Segment Start: SOURCE RECORDS

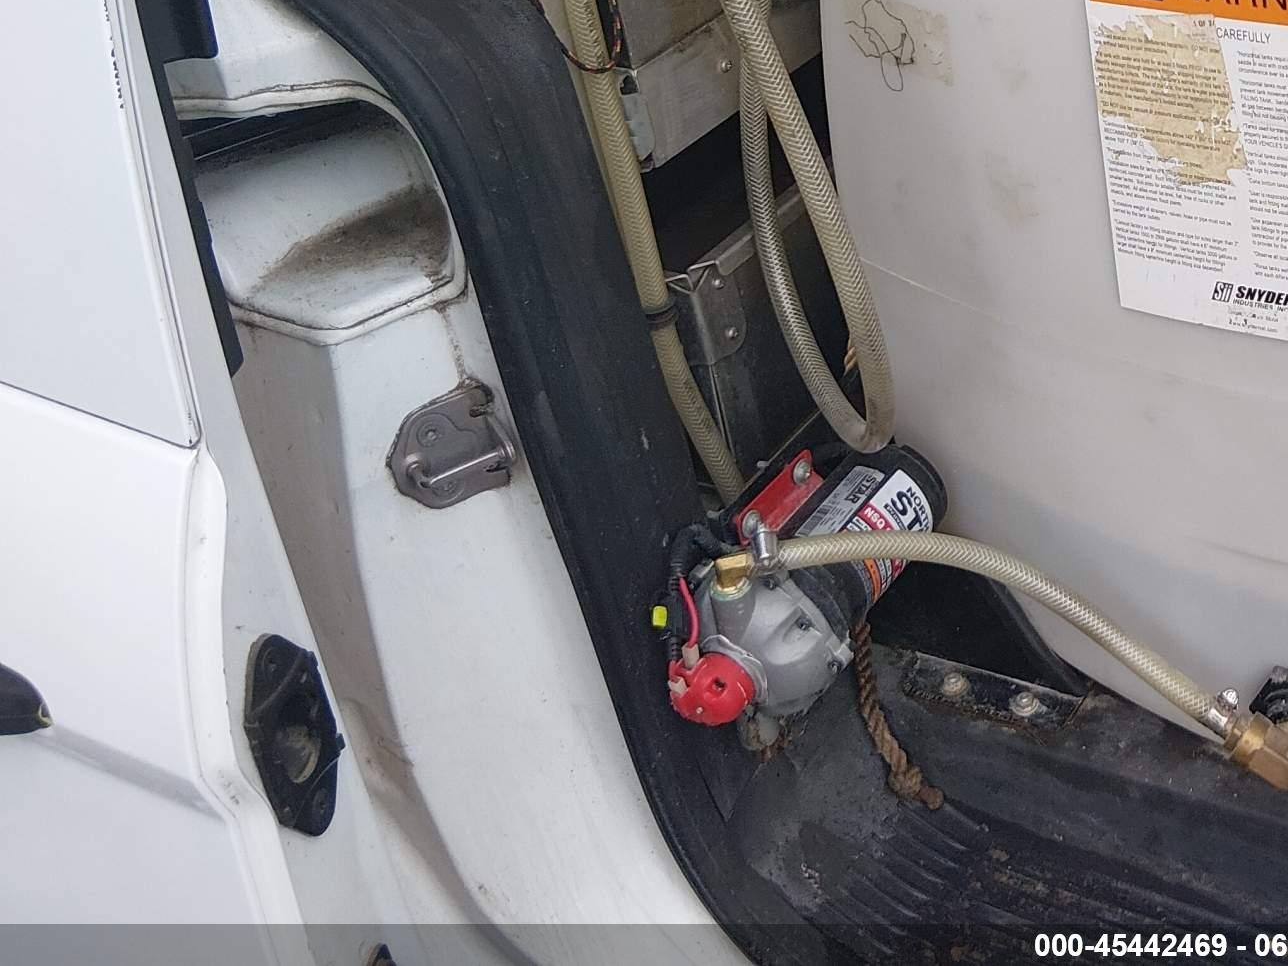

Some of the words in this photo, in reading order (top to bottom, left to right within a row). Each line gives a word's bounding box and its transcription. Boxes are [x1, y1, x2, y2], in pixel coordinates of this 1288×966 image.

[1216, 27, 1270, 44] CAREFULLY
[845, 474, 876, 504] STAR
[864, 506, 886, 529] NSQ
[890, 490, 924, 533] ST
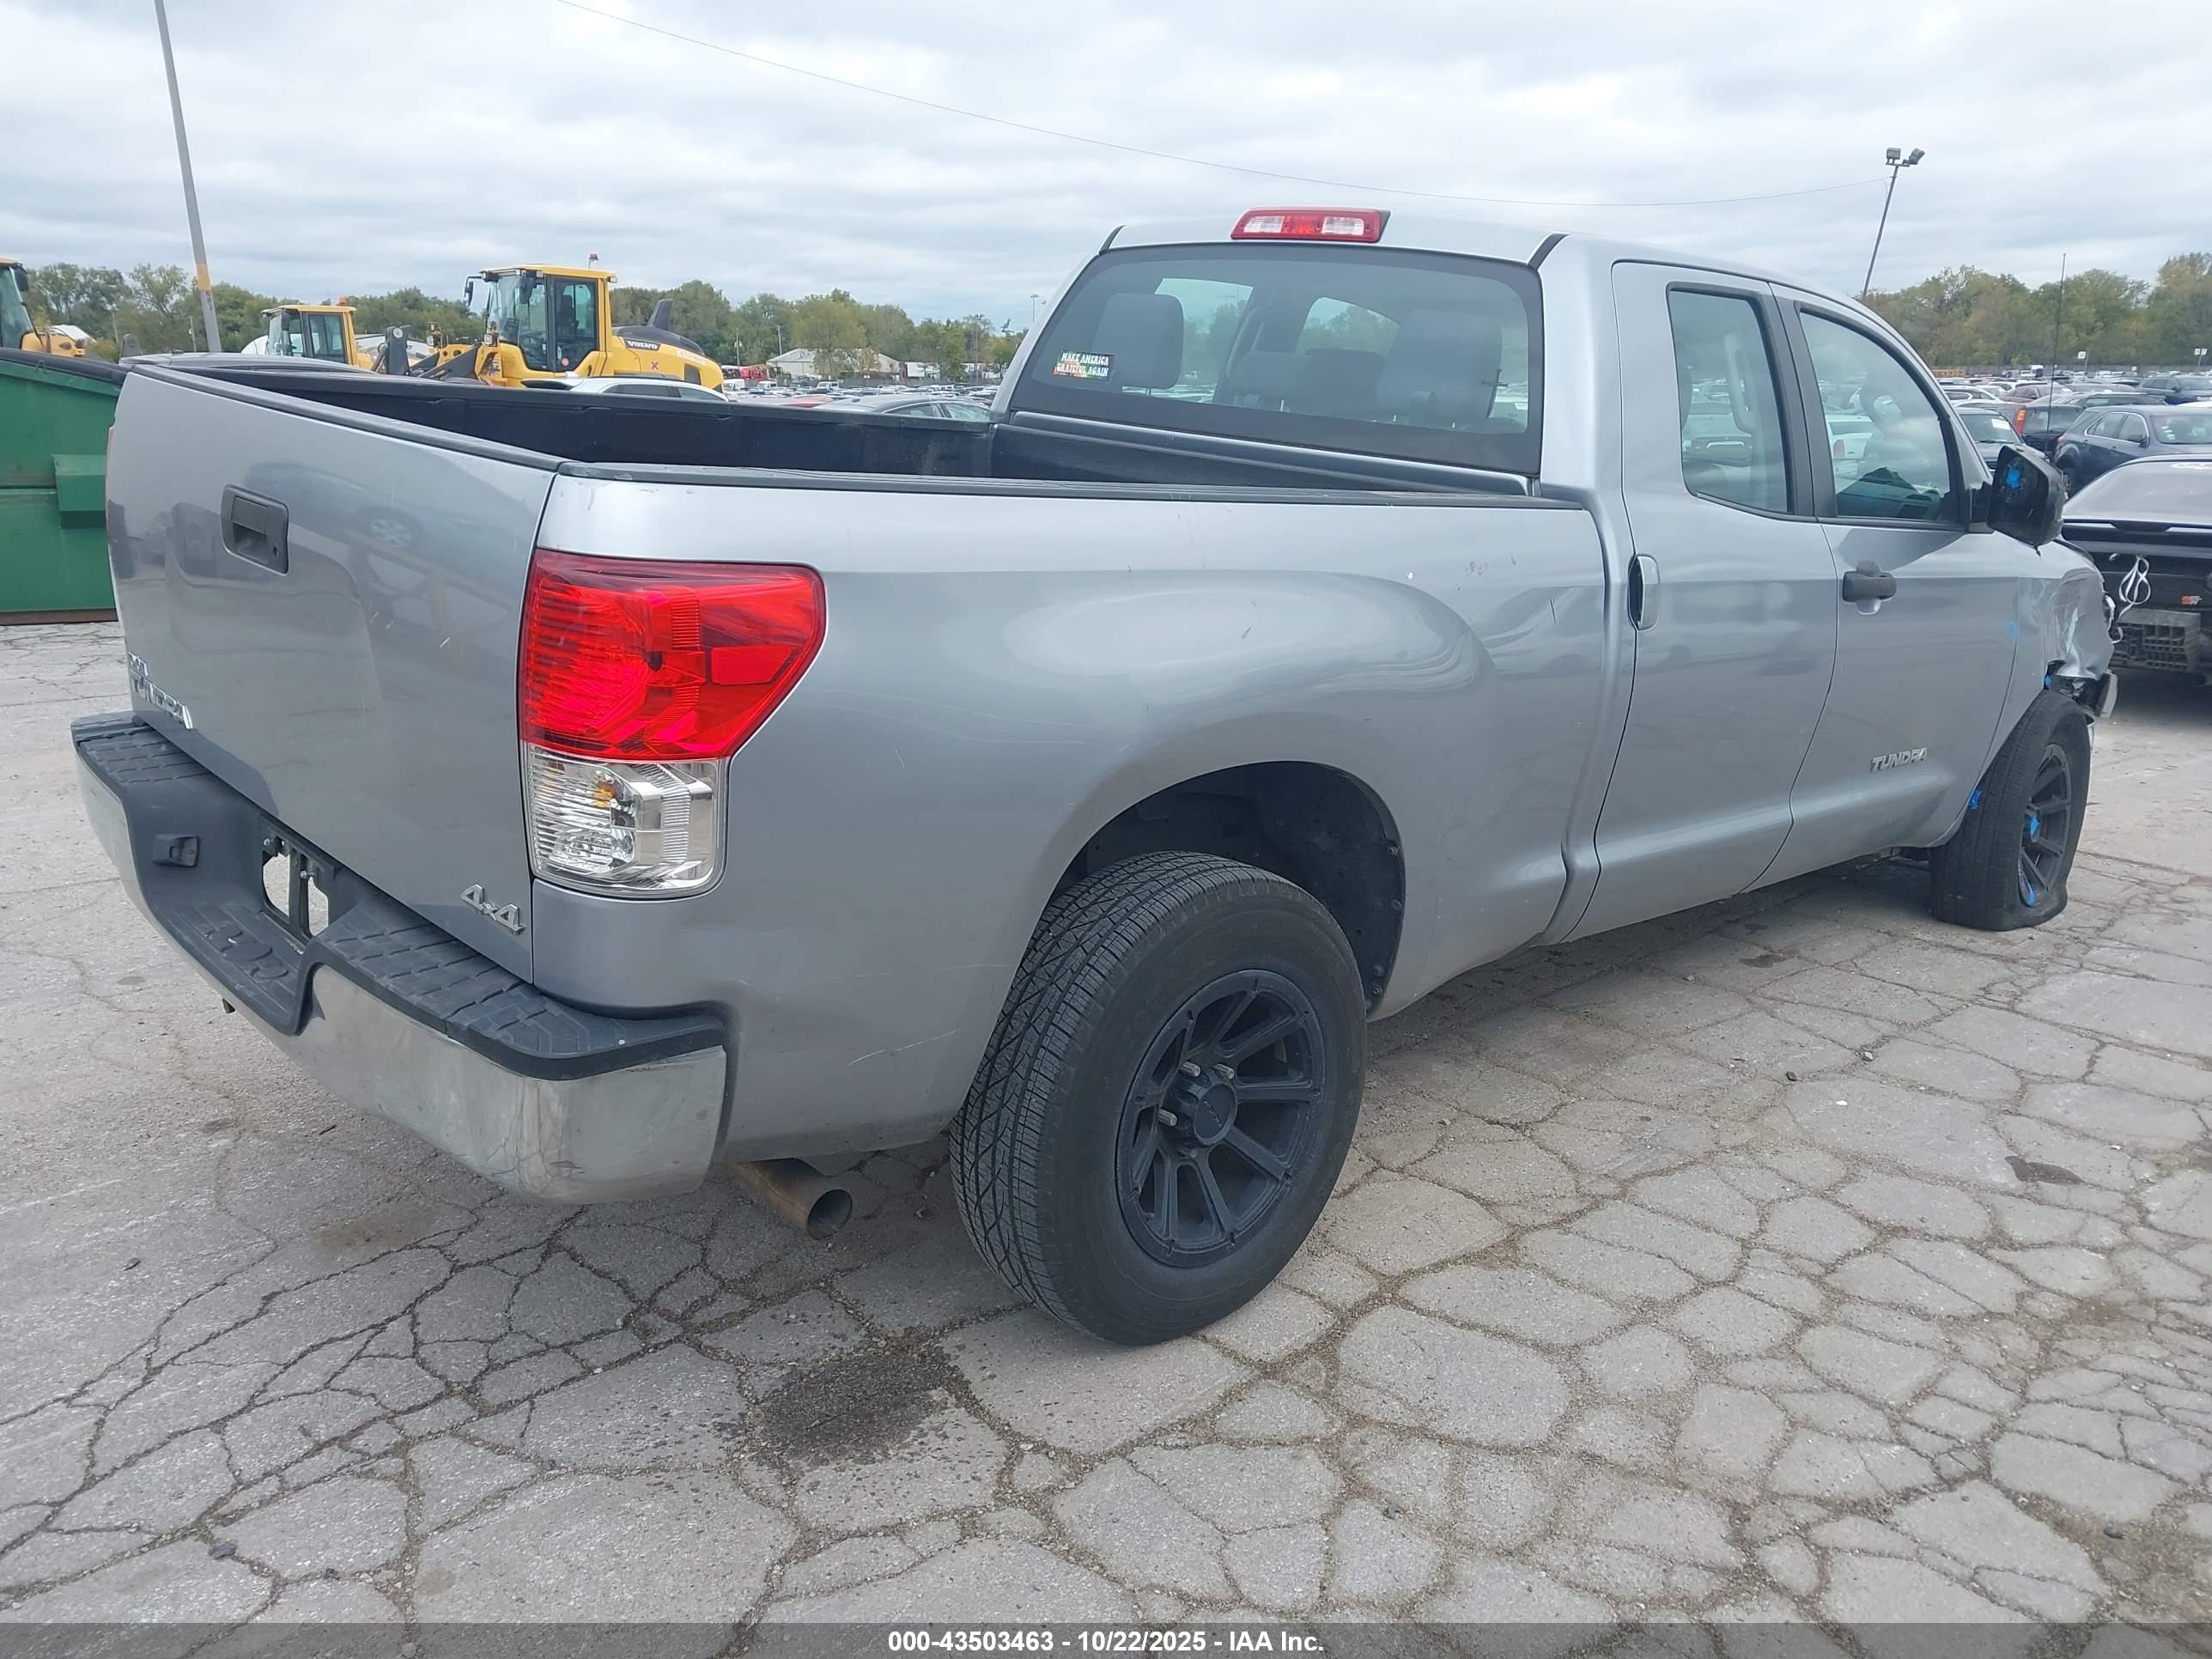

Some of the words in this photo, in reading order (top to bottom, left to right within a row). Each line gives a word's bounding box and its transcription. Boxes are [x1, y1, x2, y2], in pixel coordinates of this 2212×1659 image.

Segment End: SOURCE RECORDS

INSTRUCTIONS FOR THE TASK:
Each of the entries above must be output exactly, with none of the pictures.

WORKED SOLUTION:
Some of the words in this photo, in reading order (top to bottom, left to right within a row). Each line gives a word's bounding box and its transcription. Boxes are [x1, y1, x2, y2], in pixel coordinates of this 1288×966 image.

[1216, 27, 1270, 44] CAREFULLY
[845, 474, 876, 504] STAR
[864, 506, 886, 529] NSQ
[890, 490, 924, 533] ST

Some of the words in this photo, in reading order (top to bottom, left to right within a row). Each line gives a word's bounding box and its transcription. Boxes are [x1, y1, x2, y2], in pixel coordinates of this 2212×1659 image.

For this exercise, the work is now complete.